EXERCISE GOAL: In the data below, find the line with "Some of the words" and output it along with every later line, exactly, but not the pictures.

[Image-backed grounding data]

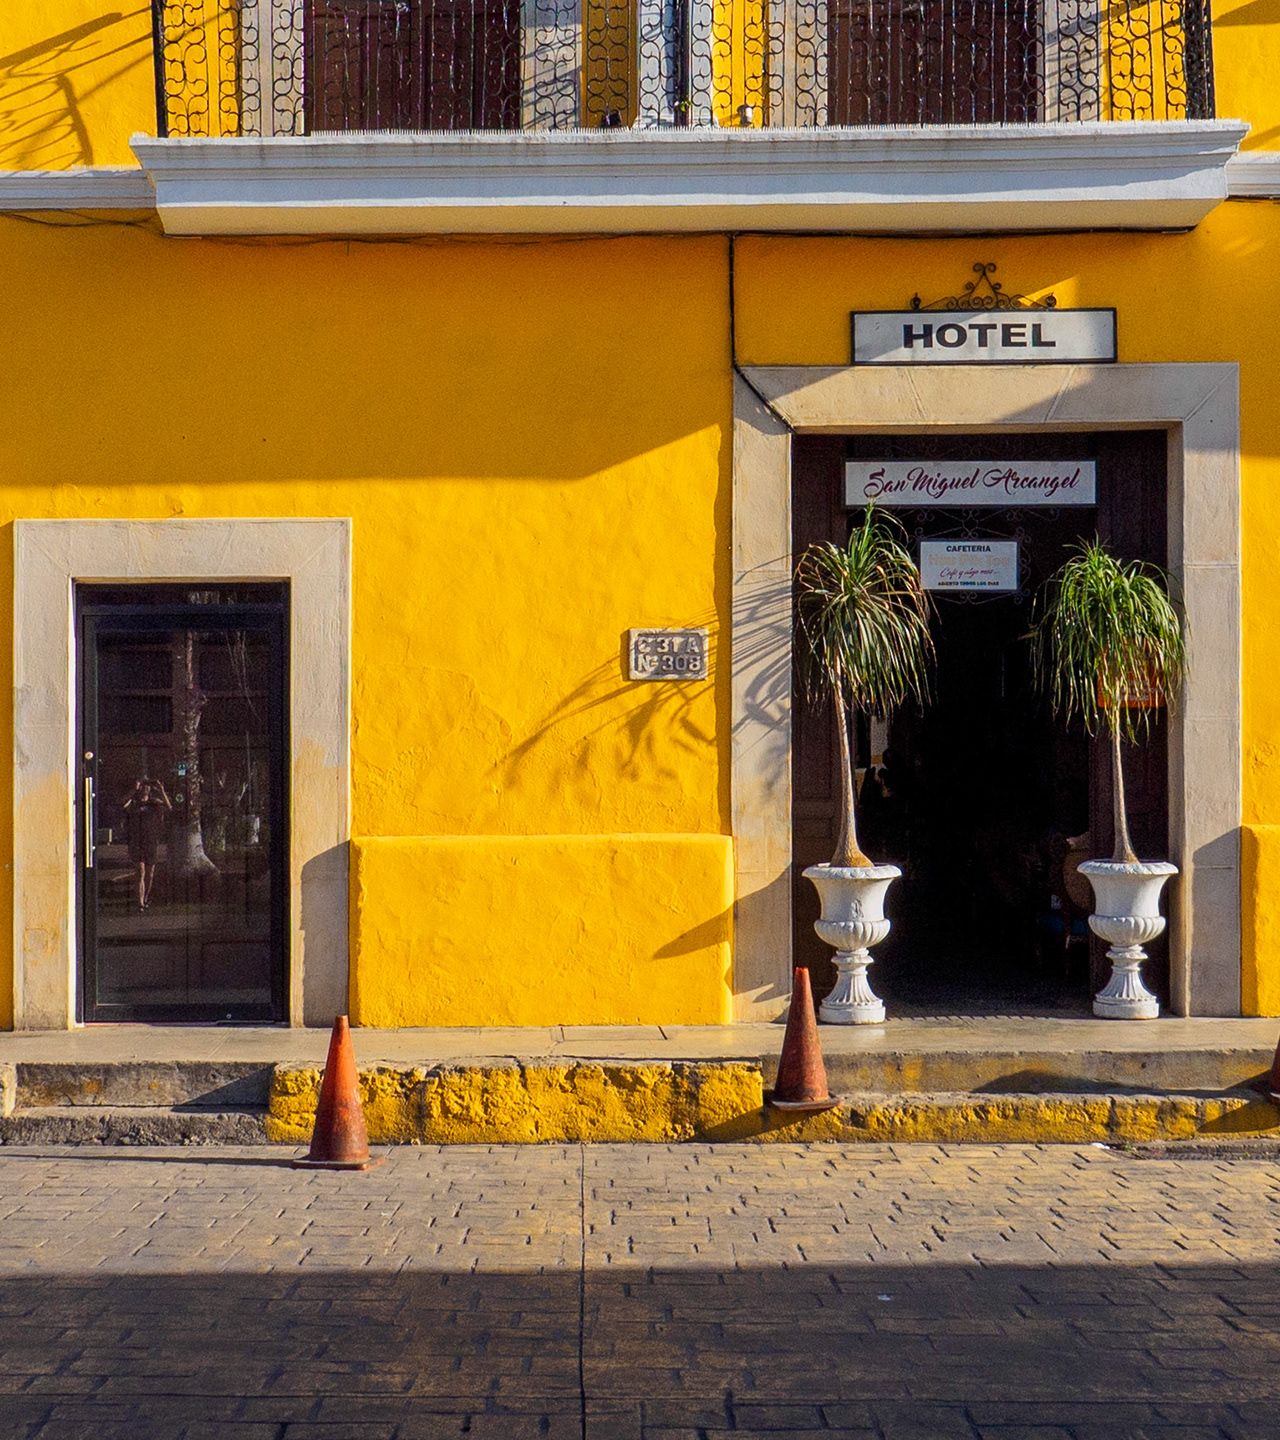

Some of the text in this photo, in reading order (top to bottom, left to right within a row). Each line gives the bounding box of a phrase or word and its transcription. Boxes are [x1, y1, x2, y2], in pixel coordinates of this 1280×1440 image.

[903, 323, 1057, 348] HOTEL
[863, 467, 1081, 499] San Miguel Arcangel
[662, 655, 701, 671] 308
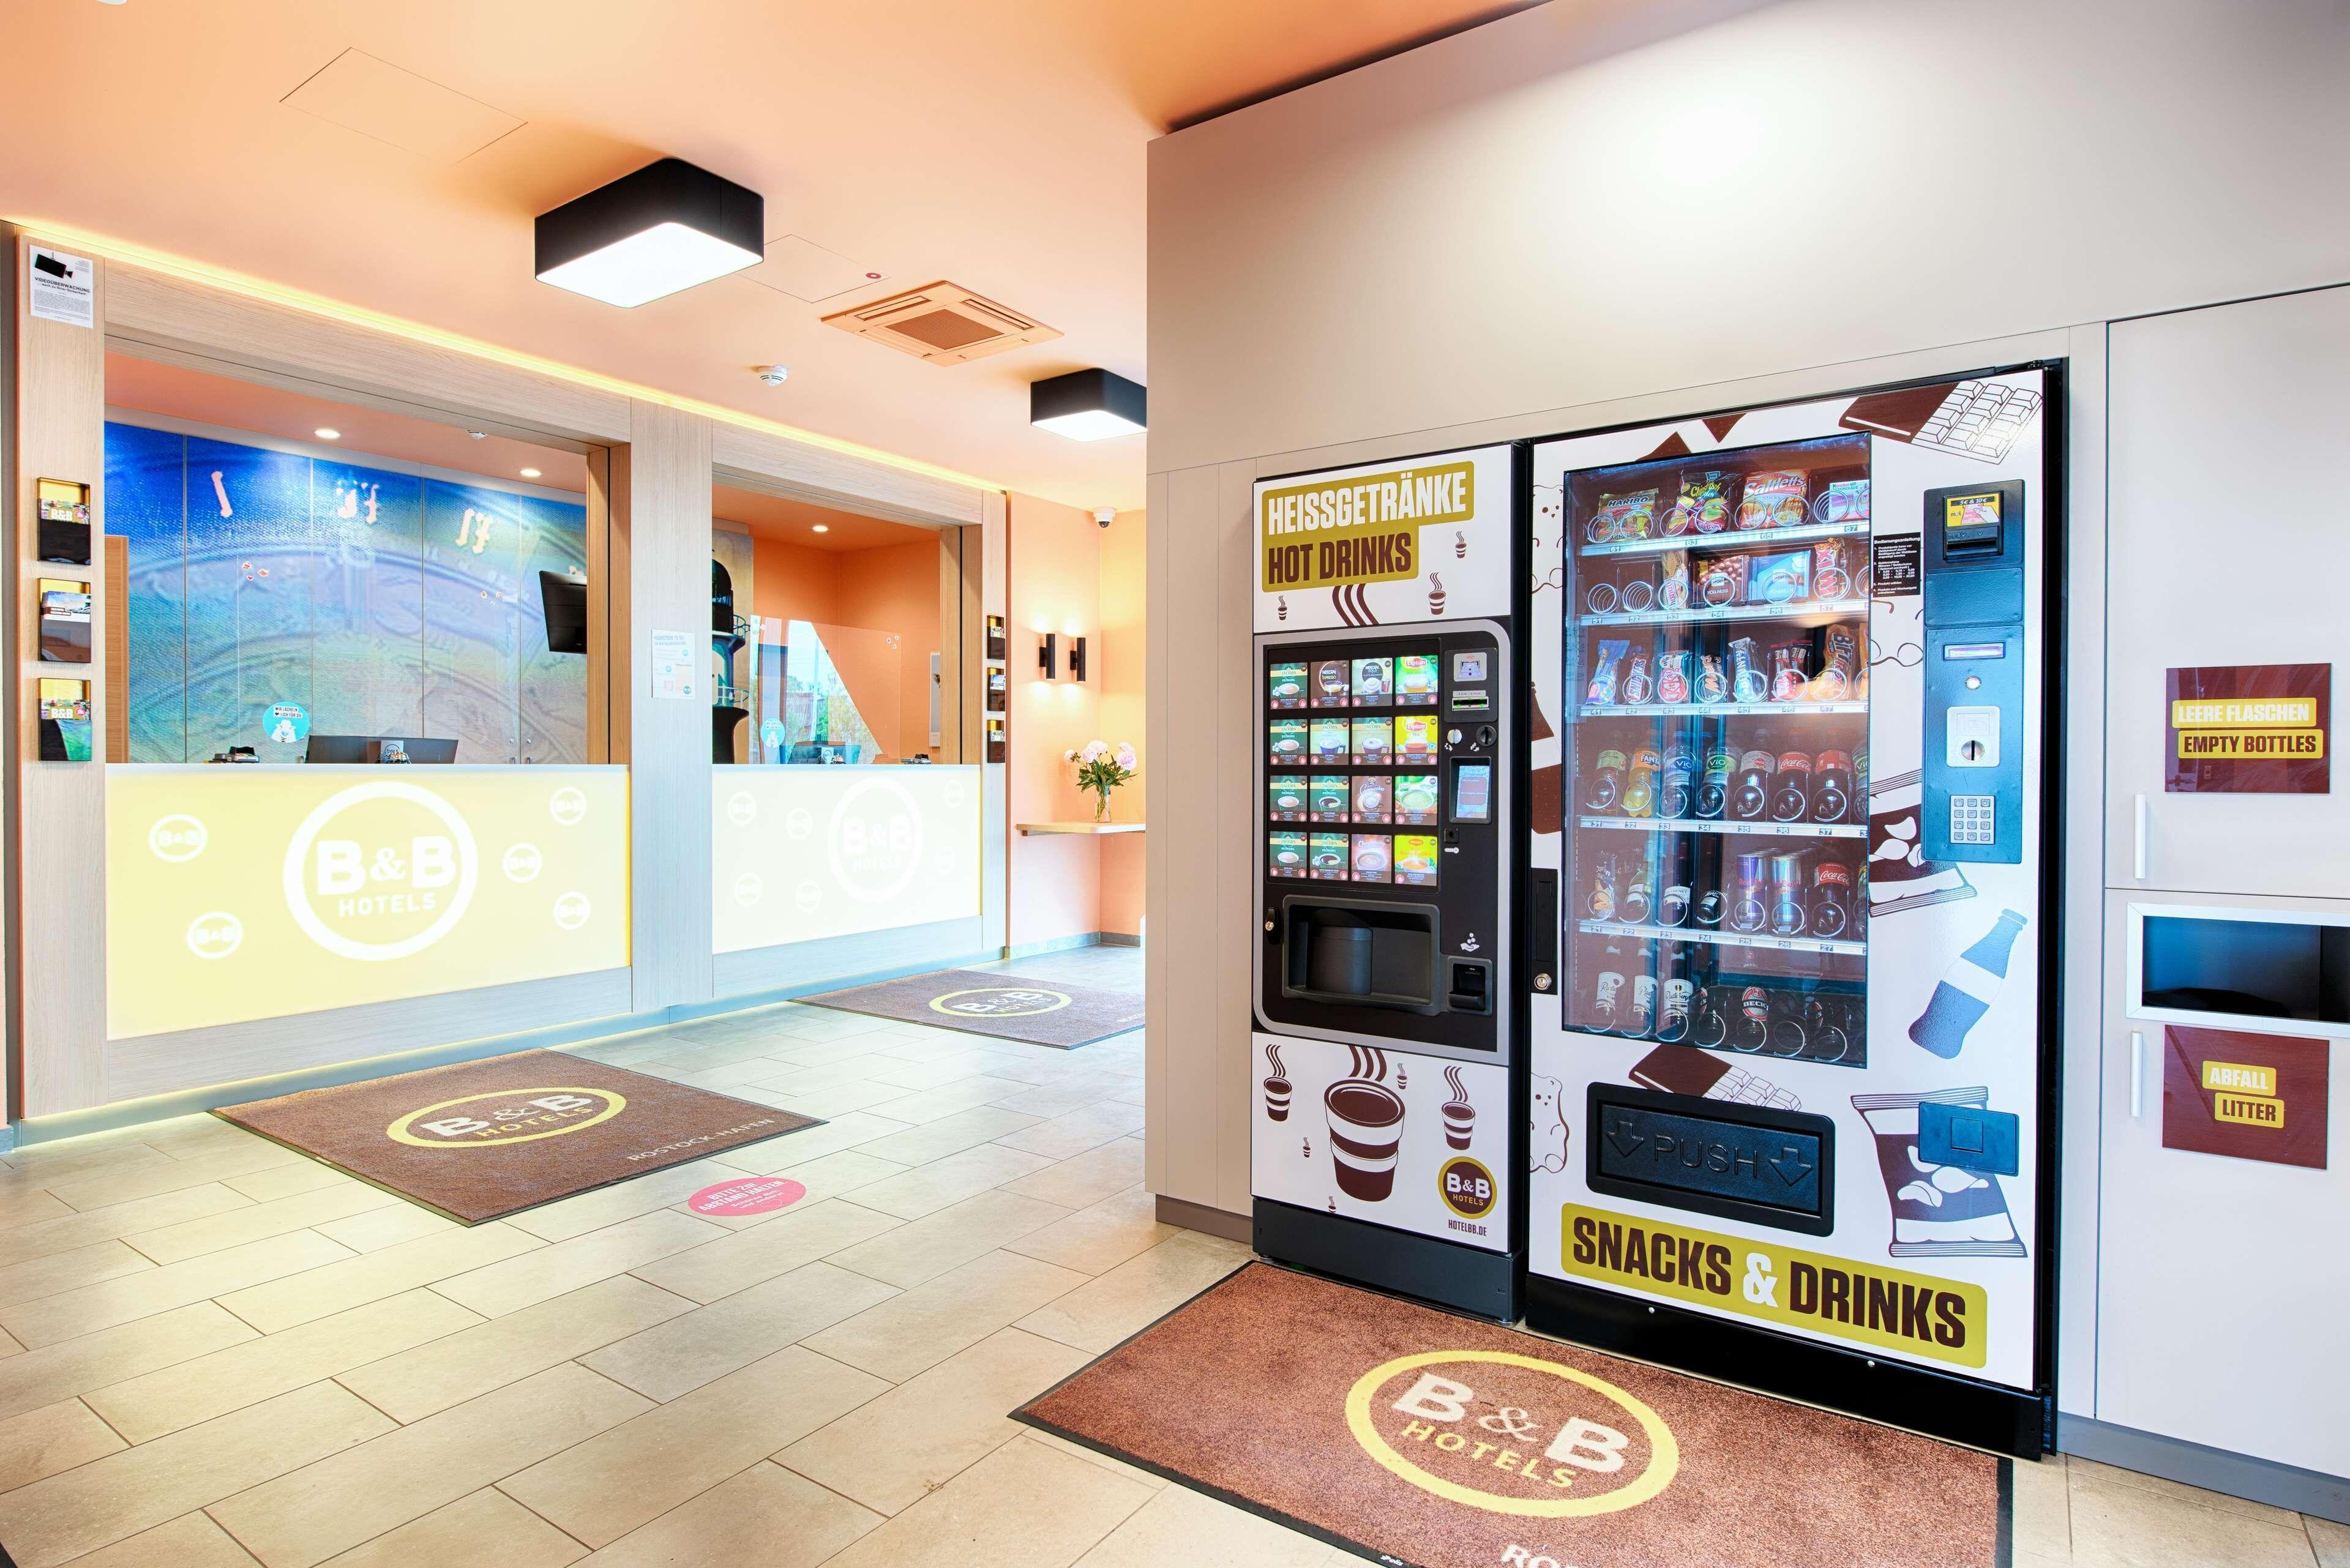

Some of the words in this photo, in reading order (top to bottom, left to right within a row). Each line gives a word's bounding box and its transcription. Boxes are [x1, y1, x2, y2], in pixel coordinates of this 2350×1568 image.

[35, 277, 90, 293] VIDEOÜBERWACHUNG
[1745, 477, 1806, 497] Saltletts
[1268, 471, 1466, 536] HEISSGETRÄNKE
[1607, 496, 1649, 508] HARIBO
[1268, 543, 1313, 584] HOT
[1319, 532, 1412, 580] DRINKS
[51, 708, 73, 719] B&B
[2179, 705, 2223, 722] LEERE
[2226, 704, 2309, 722] FLASCHEN
[2184, 736, 2240, 753] EMPTY
[2243, 735, 2316, 753] BOTTLES
[316, 835, 456, 895] B&B
[339, 892, 436, 917] HOTELS
[951, 991, 1044, 1012] B&B
[2210, 1067, 2269, 1090] ABFALL
[421, 1095, 593, 1137] B&B
[2222, 1099, 2276, 1121] LITTER
[475, 1107, 593, 1137] HOTELS
[627, 1119, 775, 1161] ROSTOCK-HAFEN
[1655, 1133, 1759, 1179] PUSH
[706, 1187, 739, 1200] BITTE
[736, 1182, 758, 1191] 2m
[1447, 1172, 1491, 1198] B&B
[698, 1193, 750, 1211] ABSTAND
[1453, 1194, 1484, 1206] HOTELS
[1448, 1219, 1487, 1236] HOTELBB.DE
[1573, 1215, 1732, 1296] SNACKS
[1742, 1252, 1779, 1309] &
[1789, 1261, 1966, 1348] DRINKS
[1391, 1372, 1630, 1473] B&B
[1401, 1421, 1574, 1489] HOTELS
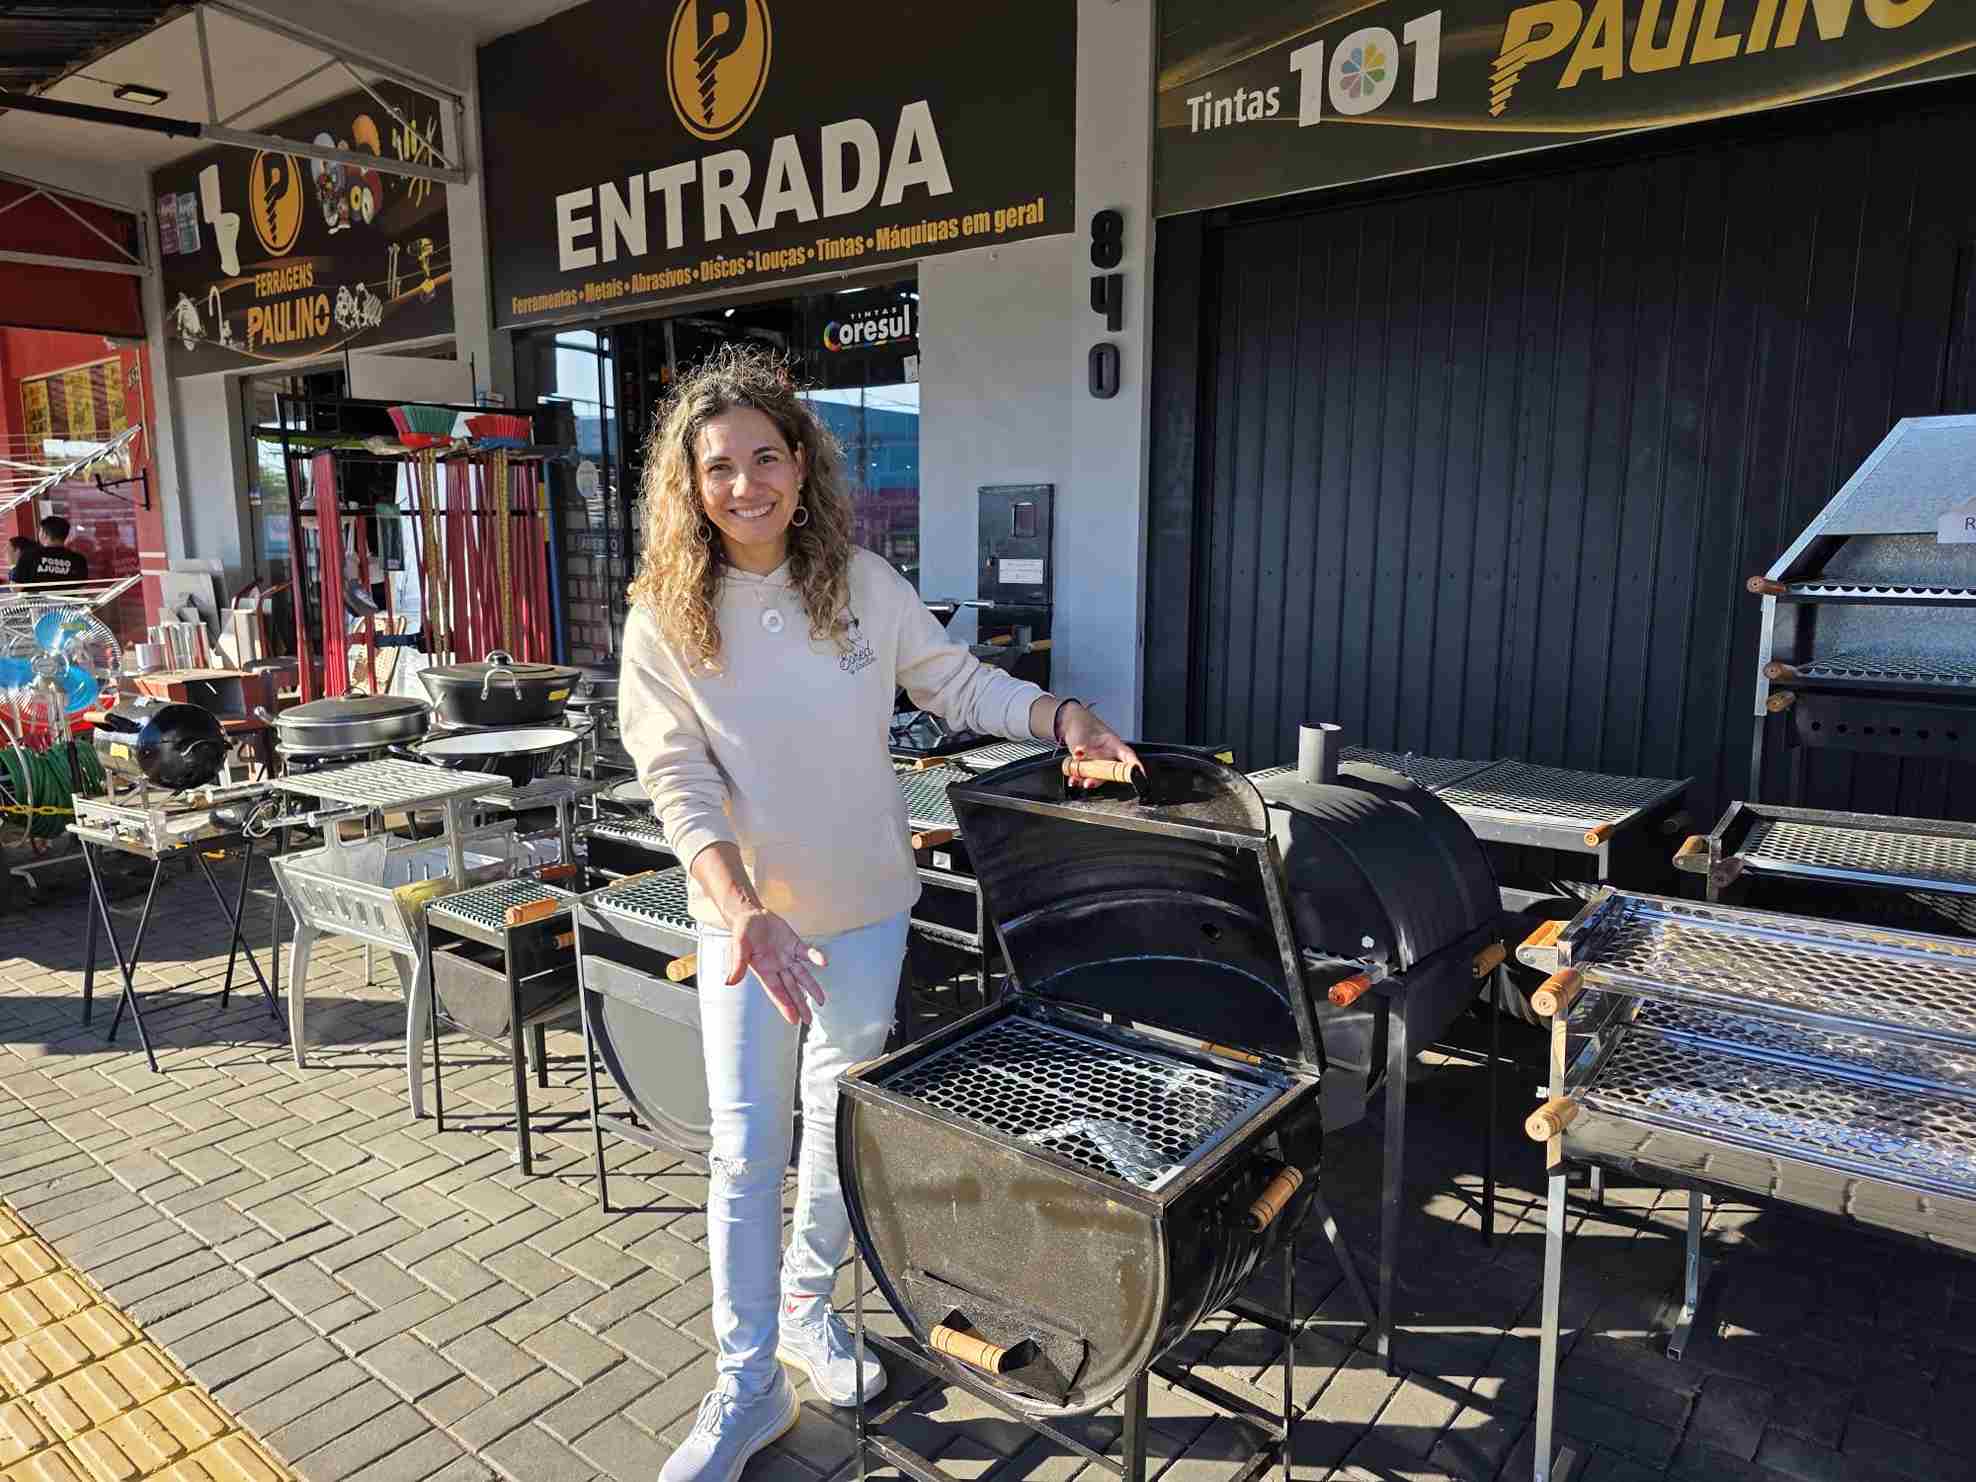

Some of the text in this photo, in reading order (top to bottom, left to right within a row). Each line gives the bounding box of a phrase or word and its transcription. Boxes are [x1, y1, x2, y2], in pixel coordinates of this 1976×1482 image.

RESPONSE TO THE EXERCISE:
Some of the words in this photo, in reading order (top to bottom, left to right within a row). Each line gives a word's bounding box and its transcription. Boxes are [x1, y1, x2, y2], in pixel coordinates of this 2350×1568 image.

[35, 277, 90, 293] VIDEOÜBERWACHUNG
[1745, 477, 1806, 497] Saltletts
[1268, 471, 1466, 536] HEISSGETRÄNKE
[1607, 496, 1649, 508] HARIBO
[1268, 543, 1313, 584] HOT
[1319, 532, 1412, 580] DRINKS
[51, 708, 73, 719] B&B
[2179, 705, 2223, 722] LEERE
[2226, 704, 2309, 722] FLASCHEN
[2184, 736, 2240, 753] EMPTY
[2243, 735, 2316, 753] BOTTLES
[316, 835, 456, 895] B&B
[339, 892, 436, 917] HOTELS
[951, 991, 1044, 1012] B&B
[2210, 1067, 2269, 1090] ABFALL
[421, 1095, 593, 1137] B&B
[2222, 1099, 2276, 1121] LITTER
[475, 1107, 593, 1137] HOTELS
[627, 1119, 775, 1161] ROSTOCK-HAFEN
[1655, 1133, 1759, 1179] PUSH
[706, 1187, 739, 1200] BITTE
[736, 1182, 758, 1191] 2m
[1447, 1172, 1491, 1198] B&B
[698, 1193, 750, 1211] ABSTAND
[1453, 1194, 1484, 1206] HOTELS
[1448, 1219, 1487, 1236] HOTELBB.DE
[1573, 1215, 1732, 1296] SNACKS
[1742, 1252, 1779, 1309] &
[1789, 1261, 1966, 1348] DRINKS
[1391, 1372, 1630, 1473] B&B
[1401, 1421, 1574, 1489] HOTELS

Some of the text in this photo, in reading order (top to bottom, left to right within a row). Each line gives the bounding box of a phrase or word and its transcription. Boxes are [x1, y1, x2, y2], in pixel coordinates of this 1976×1482 image.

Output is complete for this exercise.